She put the phone down firmly. "What is that child playing at?!"
After working around the clock for three days straight at the peak of the crisis, a colleague dragged Duan Jie into a room to rest. At that moment, she thought about her son who had wanted to talk to her two days before. She picked up the phone and called home. When her sleeping son was awakened by his mother's voice, he was suddenly unable to speak. Instead, he wept bitterly. Motherly love swelled in her chest. Earlier, her words had cut across the headquarters like bullets. For what seemed like forever, she found herself unable to say a single word, echoing her son in her flood of tears. At that moment, her superiors called. An emergency. She had to return to work immediately.
A female patient had just tested positive for SARS, and doctors immediately decided to take her eight-month-old son in for testing too. The child was showing clear signs of SARS. It was suggested the mother be transferred to a designated SARS hospital. HQ staff members were agonizing over whether or not to transfer the eight-month-old to the same SARS hospital. They called Duan Jie in to decide.
"Send a child that small to a SARS hospital? We can't!" she snapped. "We need to rethink this. That should be an absolute last resort!"
"Then what are we supposed to do?" asked her colleagues. Duan Jie thought fast.
"I'll send an ambulance to take the baby to a pediatric hospital. A specialist will head there to assess him. If there's a possibility he hasn't contracted SARS, we can leave him there under observation. If it's clearly SARS, take the child to the designated hospital immediately. Get going at once!"
In the following few hours, Duan Jie rushed around constantly, taking it upon herself to ensure the situation was dealt with. Thanks to the hard work of a team of experts, the child made a full recovery.
After dealing with this young patient, Duan Jie could not help but think of her own son. Her eyes welled with tears.
Suddenly, the phone rang again.
"Hello?" On the other end of the line, there was a clearly worried voice, from a hospital clinic for patients with fever. "We have a suspected SARS case. He's refusing to check in, and he's running through the streets! You'd better come up with something!"
"What!? Where? Which district?"
It was as if HQ had received news of a retreat from the frontline. The atmosphere became tense.
"Near Yonghegong Lama Temple."
"Ok," replied HQ. "We're dispatching men now. Please, help the patient. Don't let him escape!"
The team member put the receiver down, and immediately got on the line with Deputy Secretary Qiang Wei. Qiang, who was in charge of citywide public security for the SARS prevention campaign, immediately sent an order to the Public Security Bureau.
"Dispatch officers to pursue the patient, and return him to the SARS ward ASAP!"
A few hours later, the streets surrounding Yonghe Temple were the stage for a hair-raising scene. The patient was a migrant worker in his 70s. His accent, though hard to place, marked him as a non-Beijinger. When four police officers surrounded the attempted fugitive, clad head-to-toe in white protective gear, he didn't try to run.

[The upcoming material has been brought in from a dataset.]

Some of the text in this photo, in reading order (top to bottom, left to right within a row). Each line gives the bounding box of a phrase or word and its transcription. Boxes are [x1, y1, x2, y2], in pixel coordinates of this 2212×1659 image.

"I don't have the money for a doctor," he wailed, over and over again.
"Sir, the treatment won't cost you a penny. You don't need to worry. Just come with us."
"I don't believe it. Why in the world would they help you without taking money?"

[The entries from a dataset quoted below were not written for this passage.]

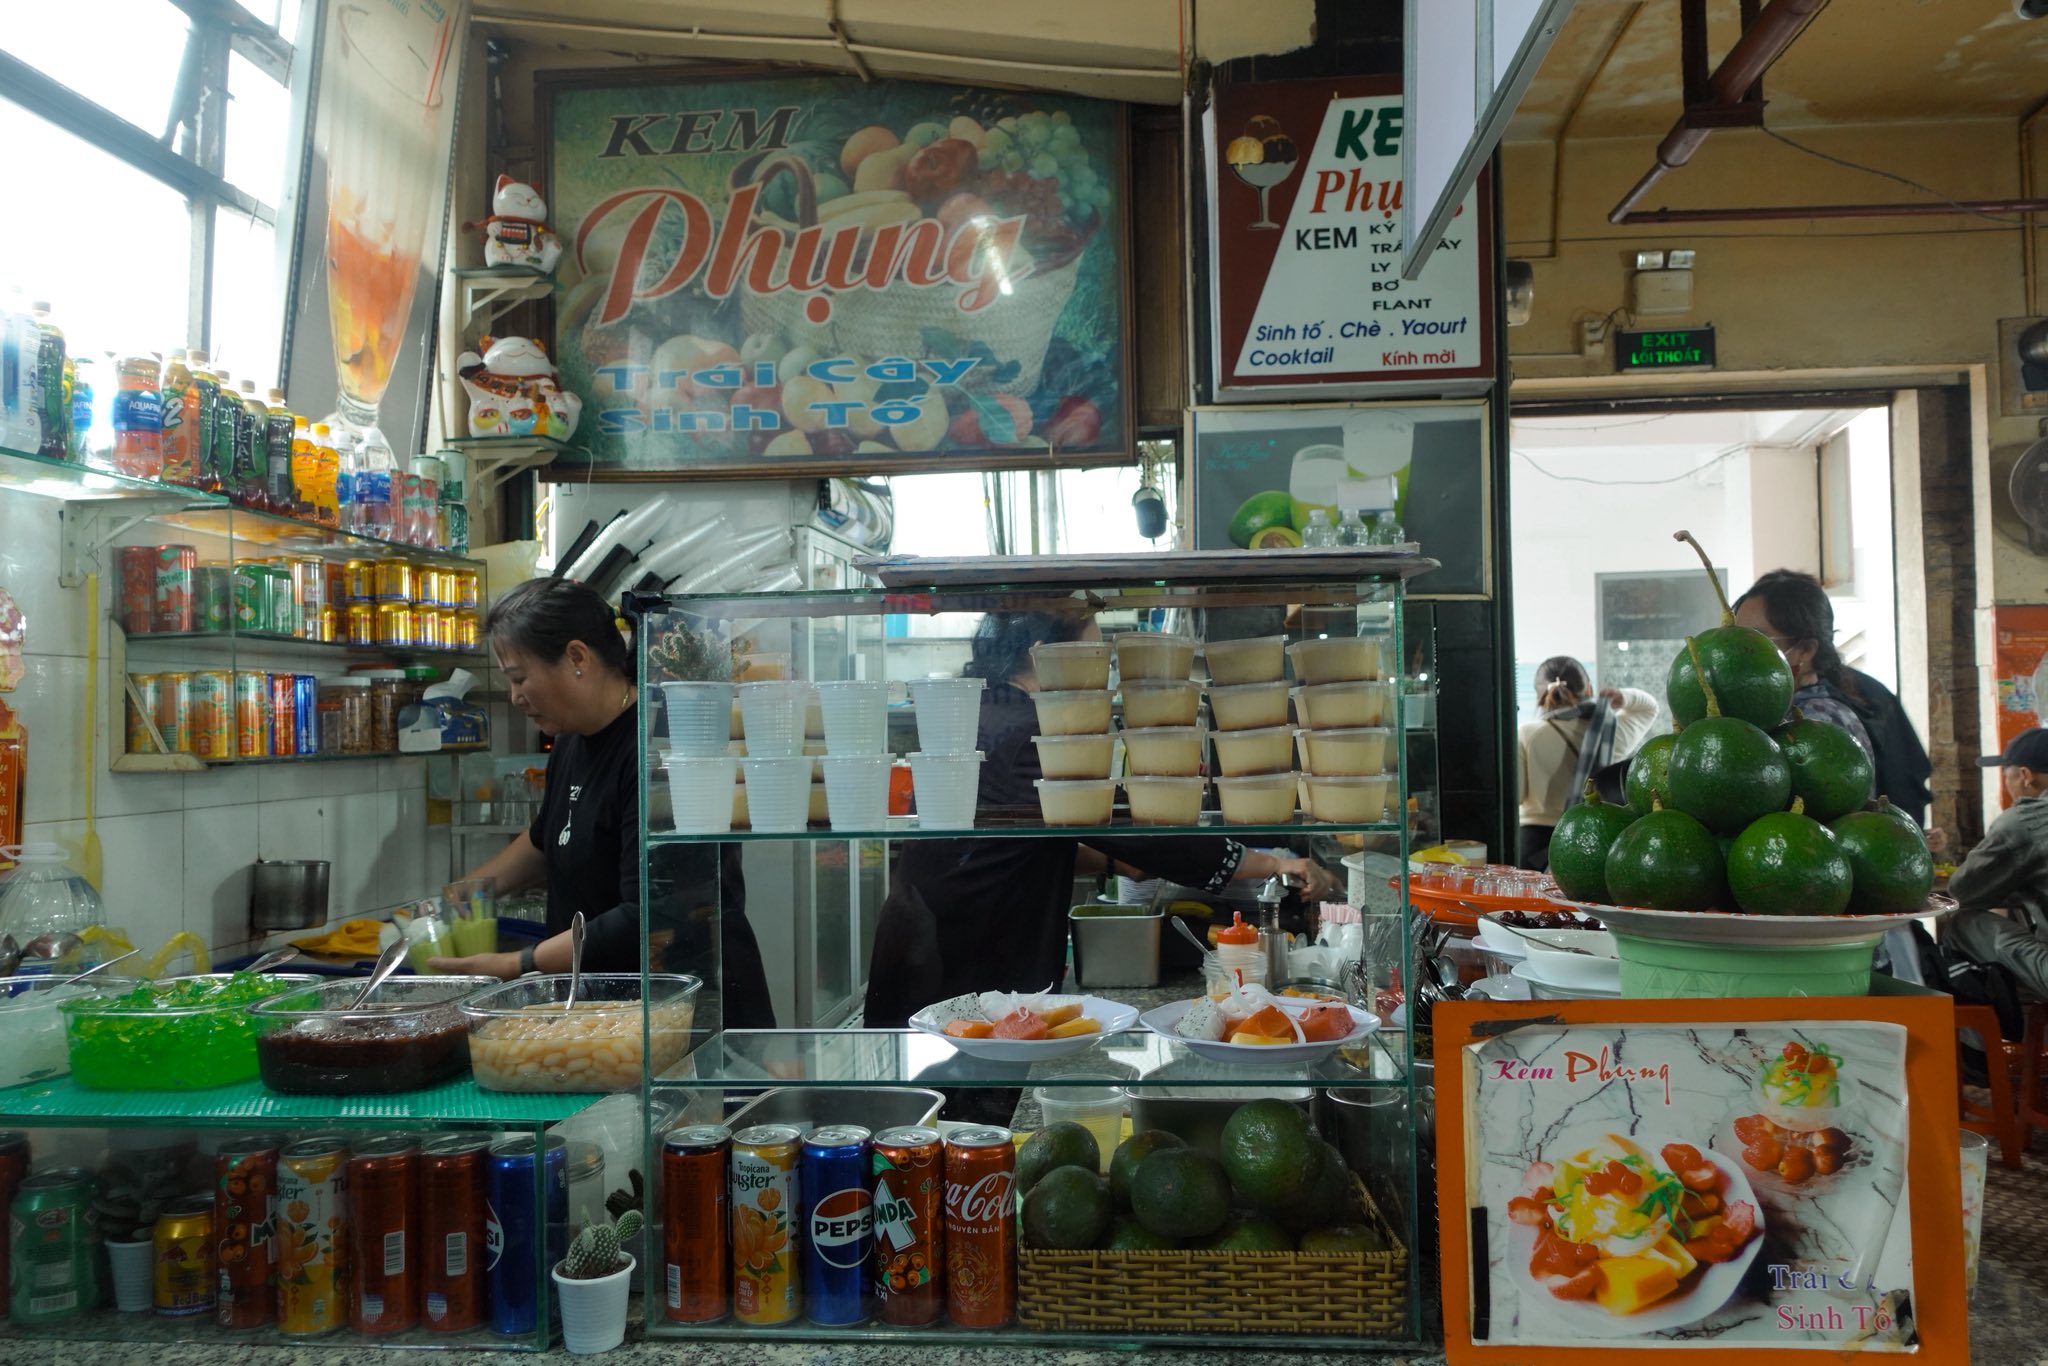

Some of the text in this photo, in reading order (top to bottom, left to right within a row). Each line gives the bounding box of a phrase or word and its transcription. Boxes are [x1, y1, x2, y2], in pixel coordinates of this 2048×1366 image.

[599, 107, 799, 158] KEM
[1334, 107, 1403, 161] KE
[1296, 226, 1358, 251] KEM
[576, 178, 1035, 326] Phụng
[1371, 262, 1391, 272] LY
[1373, 298, 1432, 310] FLANT
[1256, 324, 1295, 341] Sinh
[1340, 321, 1381, 339] Chè
[1401, 316, 1467, 336] Yaourt
[1641, 331, 1690, 348] EXIT
[1249, 347, 1334, 366] Cooktail
[1382, 351, 1418, 366] Kính
[599, 357, 983, 391] Trái Cây
[599, 395, 926, 434] Sinh Tố
[1488, 1045, 1671, 1105] Kem Phụng
[738, 1161, 770, 1174] Tropicana
[815, 1213, 872, 1238] PEPS
[1768, 1264, 1830, 1291] Trái
[1777, 1305, 1844, 1330] Sinh

He wouldn't believe them, and he wouldn't go to the hospital. The police had no choice. Guiding him toward the hospital step by step, they tried to reason with him.
The whole scene played out over a 100-meter stretch of road—that was the distance from where he was apprehended to the nearest hospital. It took three hours.

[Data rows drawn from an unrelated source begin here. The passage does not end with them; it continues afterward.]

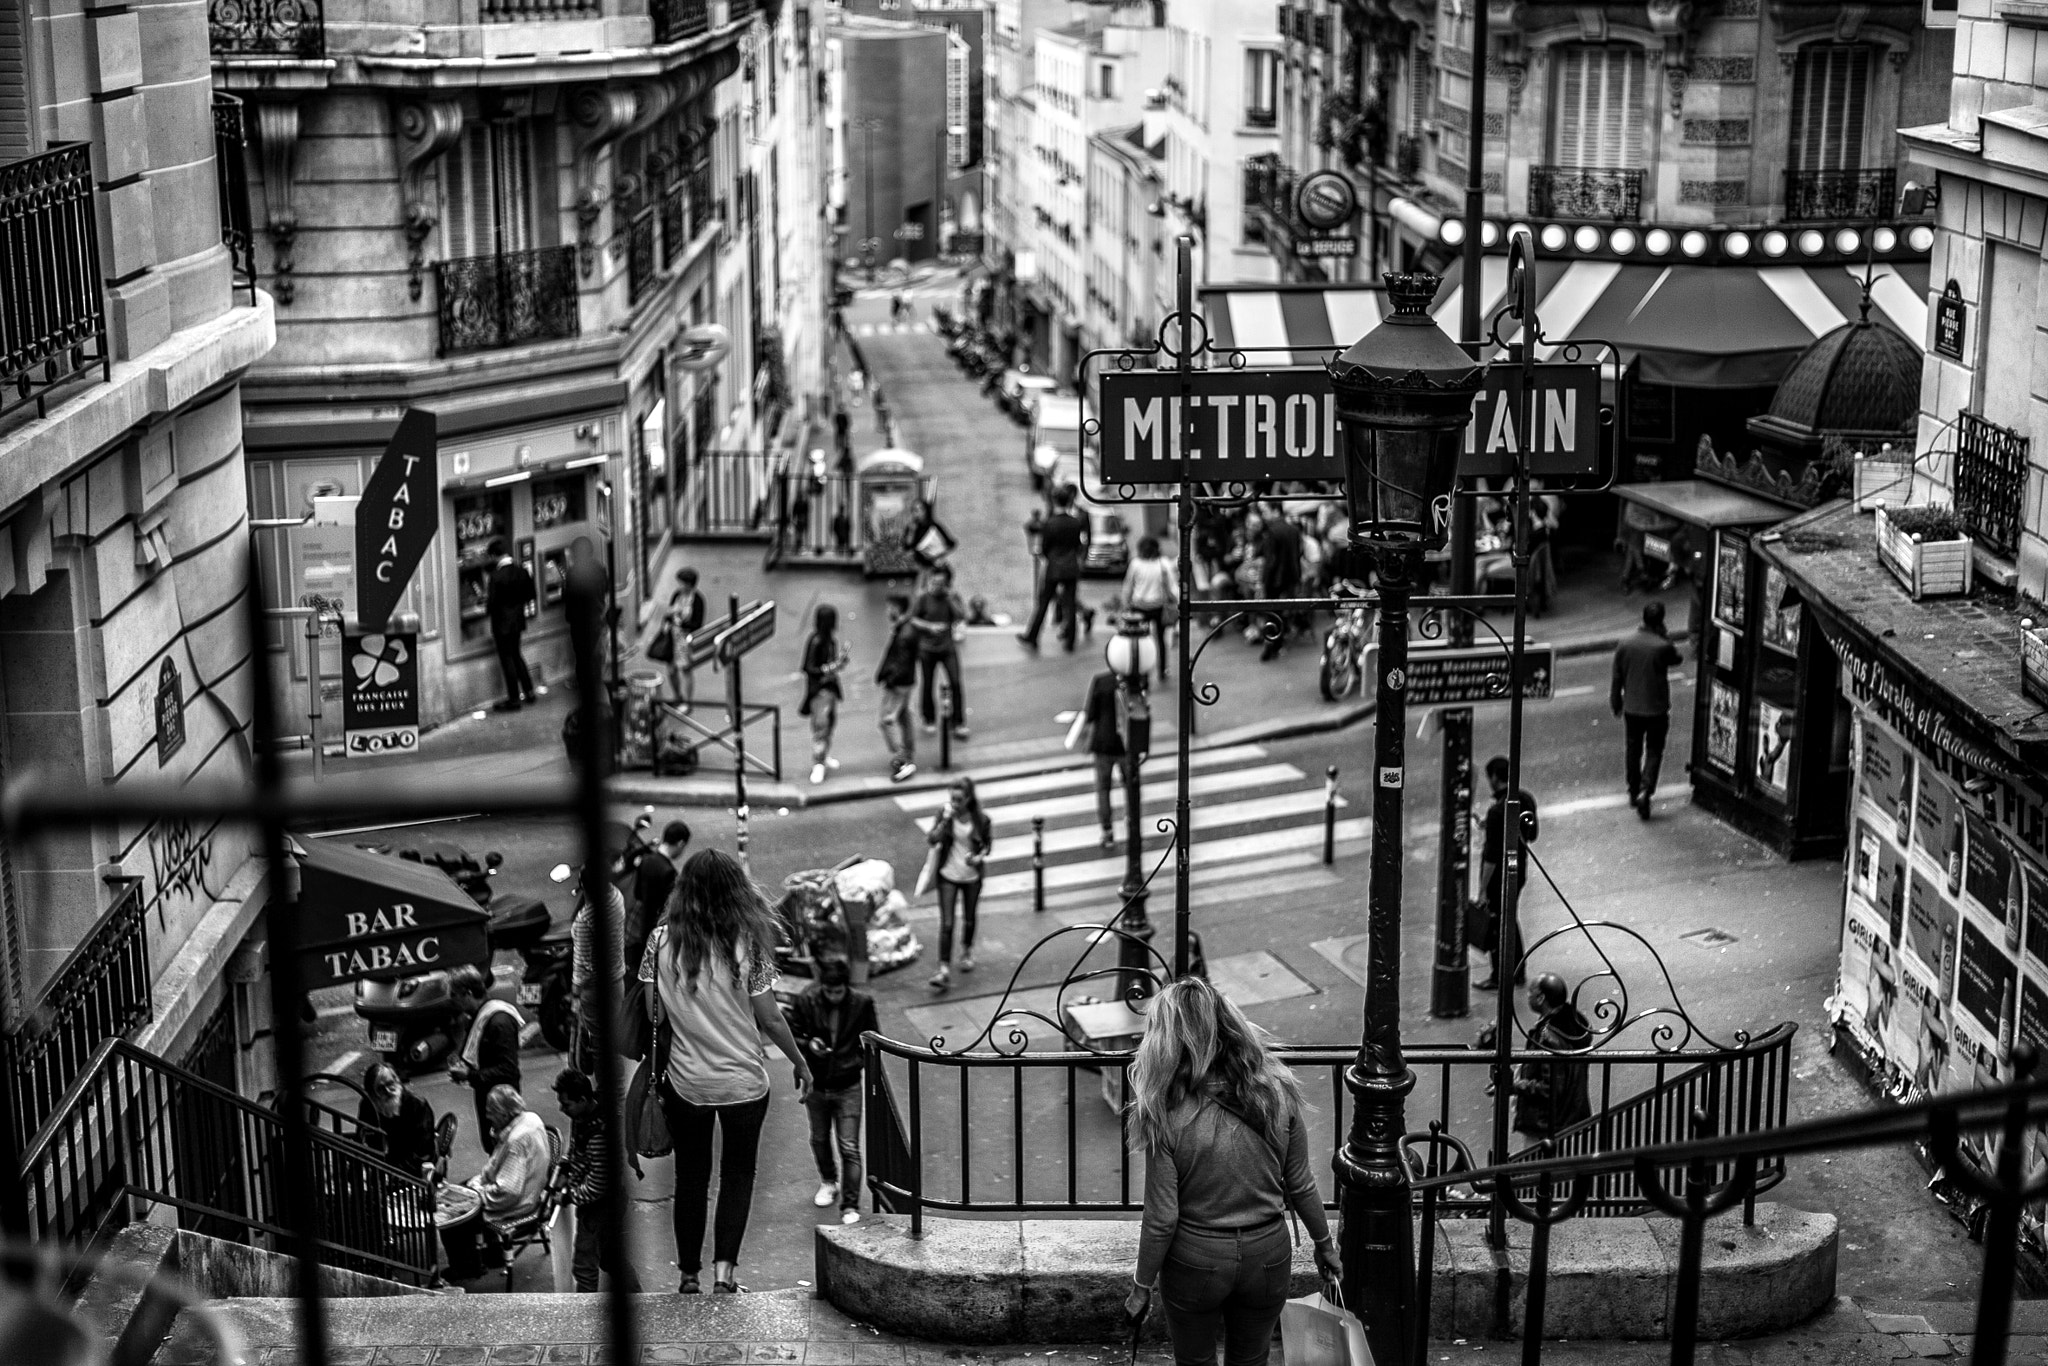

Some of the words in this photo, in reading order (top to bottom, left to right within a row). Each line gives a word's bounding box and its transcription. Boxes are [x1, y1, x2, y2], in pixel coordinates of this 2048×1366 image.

[376, 454, 421, 583] TABAC
[356, 702, 376, 713] DES
[379, 700, 406, 713] JEUX
[1870, 660, 1916, 724] Florales
[1917, 707, 1932, 736] et
[351, 730, 416, 754] LOTO
[345, 902, 418, 939] BAR
[1848, 917, 1874, 949] GIRLS
[324, 937, 441, 978] TABAC
[1902, 968, 1925, 1002] GIRLS
[1953, 1023, 1978, 1060] GIRLS

On May 31st, a spokesman from the Beijing anti-SARS campaign declared that the city was making important steps in the struggle to rid itself of the epidemic. He gave a statistic: in the first week of May, 666 new cases were diagnosed. In the last week of May, 65 new cases were diagnosed—a fall of 90%. The treatment rate had risen by 500% between the first and last week of the month.
The situation in Beijing was tied to the situation nationwide. The next day, the State Council held a press conference. Since the epidemic began, Gao Qiang, the secretary of the Ministry of Health, had maintained a grave look. But that day, as he talked to the journalists, he was smiling for the first time in quite awhile.
"The whole nation has struggled for so long against the SARS epidemic," he said. "Now, it is finally under control."
That day, as I left the offices of the anti-SARS campaign, I looked upon Chang'an Avenue. The avenue, which had been cold and lifeless for so long, was now filled with busy traffic again. It was filled on both sides with the hubbub of bustling crowds and with sweet midsummer flowers. My heart was filled with the sorrow of the memories of the recent past. In those weeks, Beijing, you had borne the weight of so many tears, of so much suffering. You were the stage to a scene that made our hearts pound, a scene that left us trembling.